Building for 2050: zero-carbon, the homes we live in and the future of architectural style
My work over the last four years has involved carrying out design and construction reviews of low carbon housing case studies for the Building for 2050 project. Our team has analysed the performance of these new homes and are now providing recommendations to Government on how to accelerate the uptake of low cost, low carbon homes. This final report and film will be launched at Futurebuild in 2022, and on the Building for 2050 website.
While our research focussed on the performance of these homes, as an architect, I was also interested in what they looked like. I noticed a range of aesthetic responses in the case studies, which lead me to ask, ‘what should net zero-carbon homes look like?’ This was not one of our research questions, but as Michael Gove highlighted in the press last week (The Times and The Architects' Journal), it is clearly a significant issue that divides public opinion.
So, what do actual net zero homes look like today? Initially there was a desire to show that sustainable homes could look “normal” with the addition of some key elements. The Autonomous House (1975) described an off-grid architecture that worked around the sun, using “free energy” with a conservatory and renewable energy on site. This has evolved into a number of stylistic approaches, exemplified by the ‘eco-bling’ of BedZed (2002) and more recent projects such as Active Homes in Neath (2019), and Etopia Homes in Corby (2020).

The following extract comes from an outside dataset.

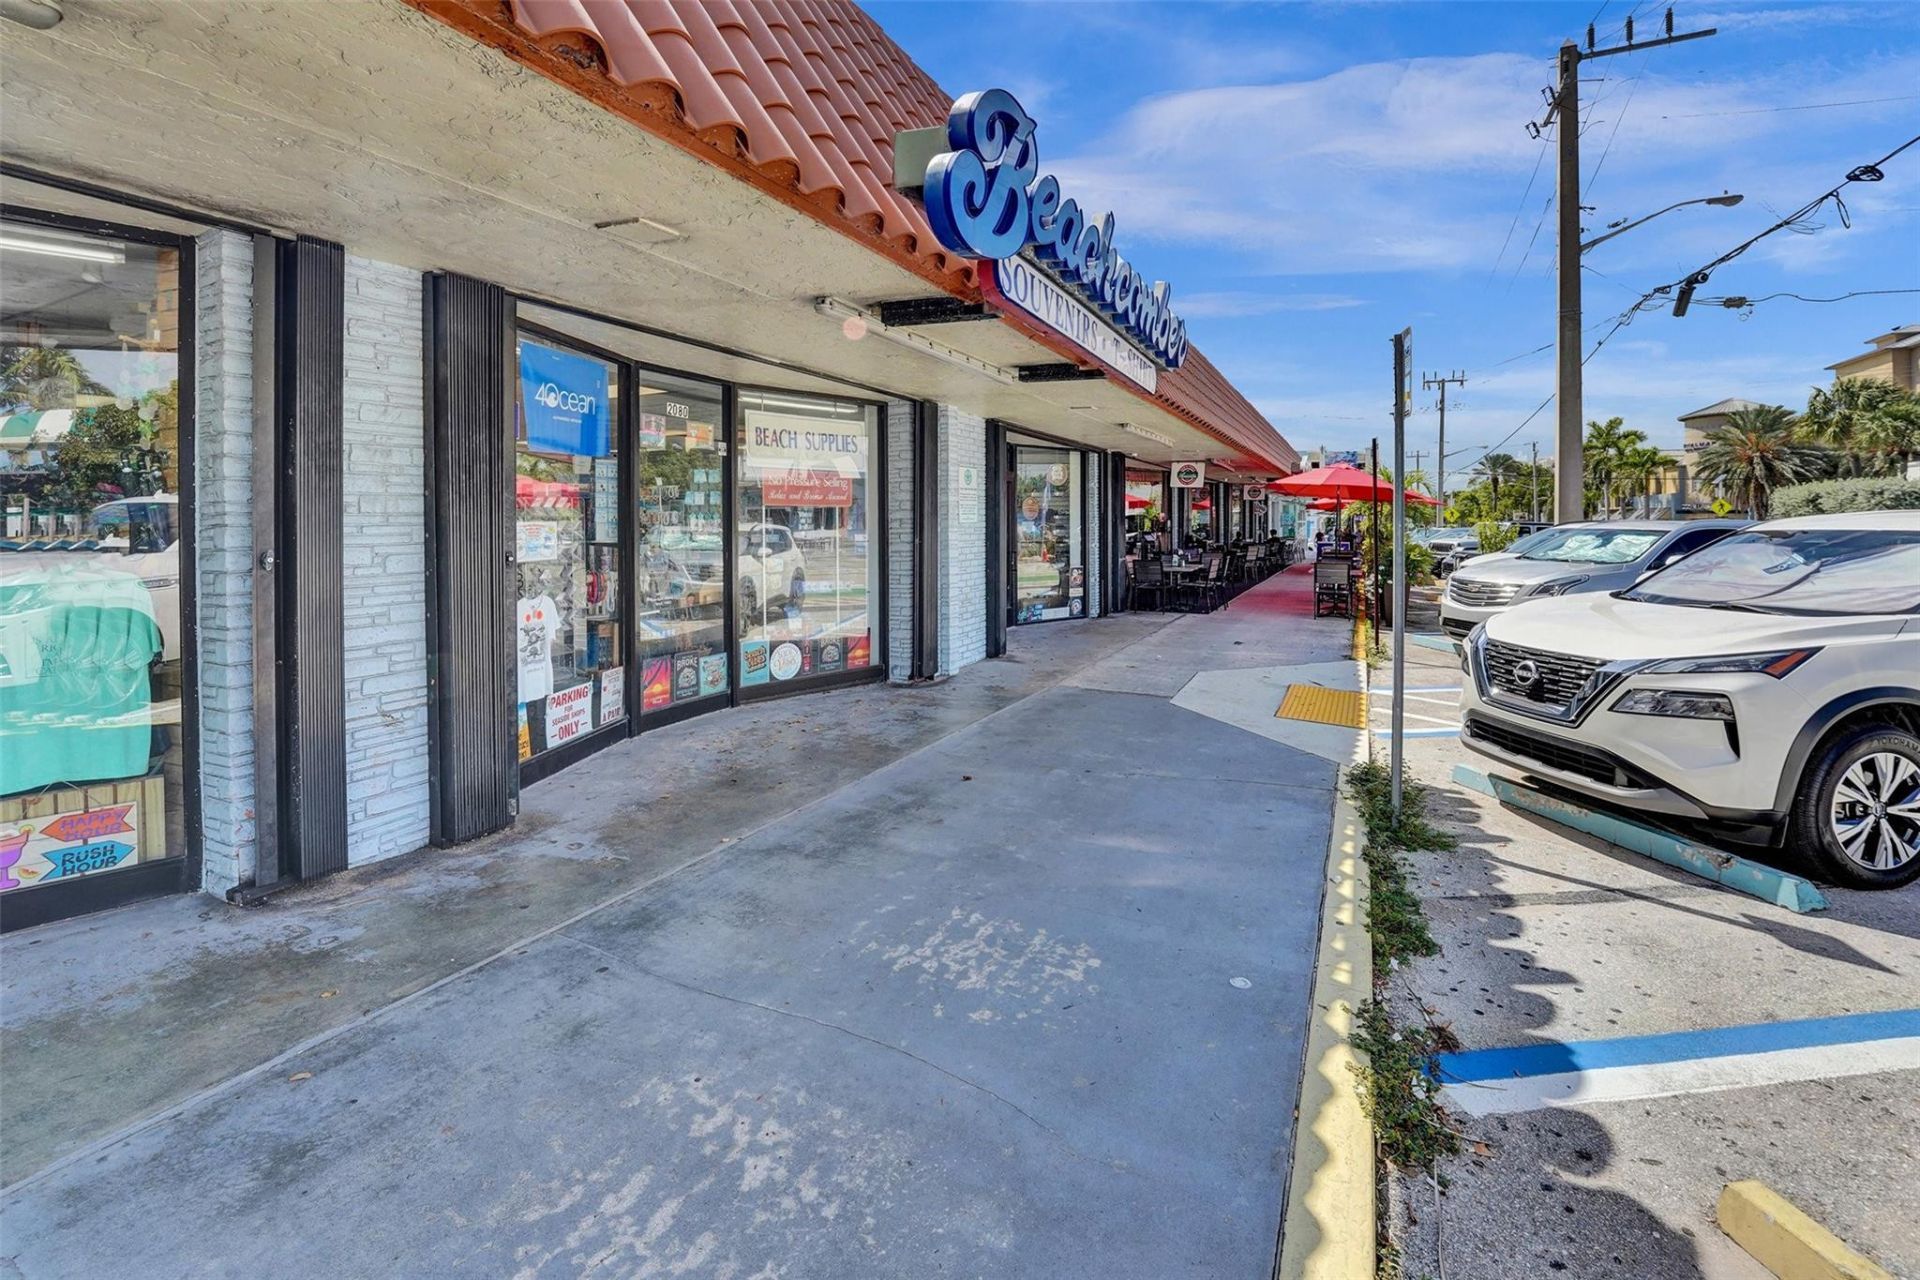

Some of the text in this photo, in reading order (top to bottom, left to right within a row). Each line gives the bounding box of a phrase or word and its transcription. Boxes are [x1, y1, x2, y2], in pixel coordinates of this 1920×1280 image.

These buildings use a self-conscious high-technology and solar-orientated approach that celebrates zero-carbon ambitions. This hi-tech architecture has an extroverted style, sometimes showcasing its zero-carbon credentials at the expense of good design. In the case of BedZed, the homes turn away from the street to face south, lack privacy and are high maintenance. Likewise, at Etopia Corby, the homes are impressive as net producers of electricity, enabled by innovative building services, but the style is dominated by its energy strategy with huge plant rooms and PV panels. Furthermore, it still has significant embodied emissions that will only be offset over 25 years.
These homes demonstrate the problem with both the Government’s proposed Future Homes Standard (2025) and a net zero-carbon standard that allows significant up front carbon emissions to be offset over 60 years. This is clearly too late for the Climate Emergency. I would also argue it is creating a problematic aesthetic for our future homes. To date, I think most zero-carbon projects have delivered zero-carbon in a direct, overly complex, uninspiring manner. In my view net zero homes should be aesthetically beautiful, comfortable in their surroundings, and more subtle in their approach. But are there any projects that have achieved this to date?
There are certainly some improvements being made, evidenced by the recently completed net zero case studies published by the UKGBC and the Good Homes Alliance. Among these case studies is Pollard Thomas Edwards' and Alison Brooks Architects' Knights Park (Phase 1 2020), which I worked on at design stage. It has an aesthetic that responds to place, taking its cue from our work in Distinctively Local, with local brick and a pared back, understated stylistic response to zero-carbon. We assessed energy performance with daylight and overheating, and considered views, routes and privacy alongside usability, biodiversity, circulation and massing. Flat roofs are employed to maximise yet hide large areas of solar PV. Internal layouts allow for MVHR ventilation and zero-carbon services, but these are hidden from view, not celebrated. We chose brick for the solid, robust finish it provides, at the expense of its embodied carbon. The embodied carbon in the bricks and concrete means it still produced significant short term carbon emissions that have contributed to climate change.
So how can we do better? The unapologetic regenerative aesthetic of the Brighton Waste House – it acts as a waste sink – is a potential model.
I liked it so much that I built a smaller version for myself. My reclaimed garden office has an overriding homely feeling with an aesthetic of distressed materials and celebrated structure - complemented by simple, tactile details. I’d like to see more use of local re-used materials in new projects, to help create a regenerative design style in keeping with place and context.
There are three things we can all do to make an industry-wide approach. Firstly, we need to scale up specification and use of low carbon materials; timber frame, engineered timber, straw-bale panels, offsite waste panels, structural stone and stone cladding, clay, lime plasters all have significant potential. Secondly, we need smarter resource maps and city-wide databases of re-usable materials to be used on new projects. And thirdly, we need to end the fuzzy thinking informing environmental assessments that conflate bike storage with reduction of carbon emissions. We need to be clear that the key aim is to remove fossil fuels and all greenhouse gas emissions from our proposals.
Does this mean stopping all newbuilds? This would be a logical – if radical - response to the climate emergency, similar to the UK government’s “stay at home” lockdown response to the Covid pandemic. Effective - but not without consequences. A more achievable strategy would be to prioritise smarter refurbishment, like Lacaton and Vassal’s reworked ‘60s-built Paris high-rise, rather than just adding more insulation leading to unintended consequences, like Grenfell Tower, and only allow newbuilds where no fossil fuels have been involved. Whatever architectural style we favour, it should challenge the Modernist-inspired - wasteful – design approach which sees sustainability as a bolt on. Super-local, fossil fuel free, climate responsive design is the way forward.